Many have seen Greater Boston, Cambridge particularly, ascend to its spot as the leading life science cluster in the country and largest recipient of National Institutes of Health funding because it is so dense and centered on one neighborhood. But soaring costs have life science companies exploring and moving into areas like Boston Landing and waiting to see what materializes with Harvard’s nearby development in Allston. Others see development along the MBTA Red Line in places like Alewife and nearby communities along Route 2, as they still provide direct access into Kendall as well as Harvard and MIT.
“We love the Red Line,” The Davis Cos. Development Group President Brian Fallon said. “We love the brain train.”
Fallon’s company began work earlier this year on The Alewife Research Center, a 223K SF transit-oriented spec lab building at 35 Cambridgepark Drive by Alewife Station. Building on spec is not for the faint-hearted, Fallon said, as it is a significant investment, but he sees low vacancy rates in the Cambridge market coupled with a strong employment base and quick time to market (the building will complete in summer 2018) validating his optimism.
Despite his company’s significant investment in the Seaport neighborhood with projects like the $550M Omni Hotel going up by the Boston Convention & Exhibition Center, Fallon is not as certain on its viability as a life science hub in Greater Boston.
“As a preface, we’re very long on the Seaport — about $700M long — but I’m not yet convinced it’s going to prove to be a great [life science] location,” he said. “We’ll see.”
Others are like Fallon and see Cambridge and Kendall Square as too important to neglect for future growth. Upcoming projects like DivcoWest’s 2.1M SF Cambridge Crossing and MIT’s Volpe Center redevelopment are seen as long-term space solutions for the East Cambridge submarket. Real estate costs are not as significant a factor this cycle as they were previously.
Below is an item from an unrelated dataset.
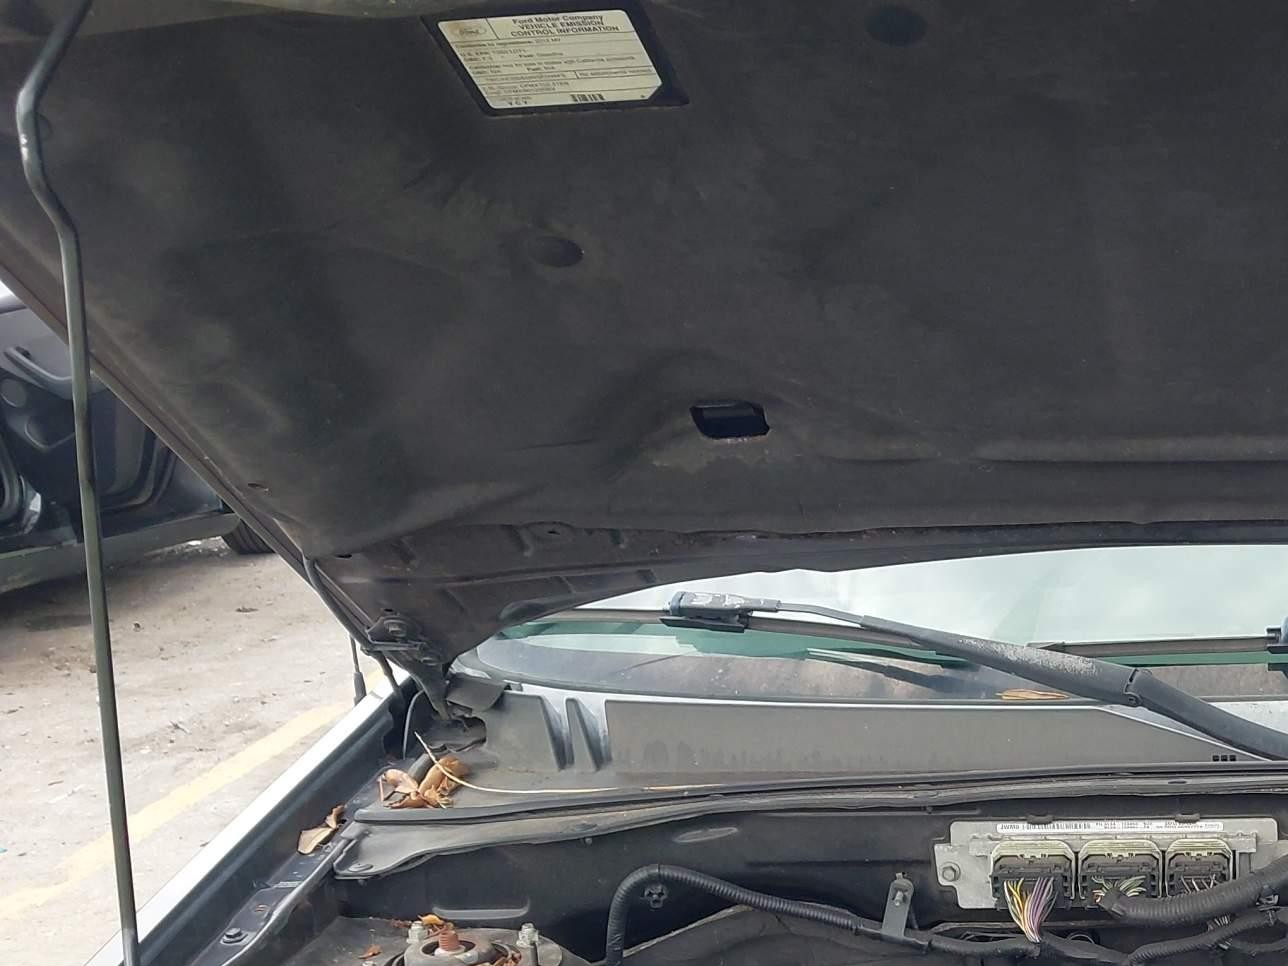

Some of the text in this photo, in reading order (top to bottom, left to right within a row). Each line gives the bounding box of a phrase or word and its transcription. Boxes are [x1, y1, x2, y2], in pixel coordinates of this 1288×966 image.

Life science company business decisions are instead centered around talent.
Greater Boston should equally be focused on growing its STEM graduate “seeds” into companies that can take advantage of the region’s infrastructure of venture capital funding and biotech and technology nodes, DivcoWest Real Estate Investments Managing Director Mark Roopenian said.
A 2013 Northeastern University study said Greater Boston retained 50% of its college graduates on average, with commuter colleges like UMass Boston and Suffolk University having higher rates (76% each) and more prestigious universities like Harvard and MIT seeing lower retention (28% and 27%, respectively). Factors like housing costs are more difficult fixes than others, but that has not stopped leaders from pushing for incentive packages like job programs from the state and tuition subsidies from future employers.
“Part of our job is to make the ground a lot more fertile so that those students who are absolutely the best of the best stay and grow in Boston,” Roopenian said.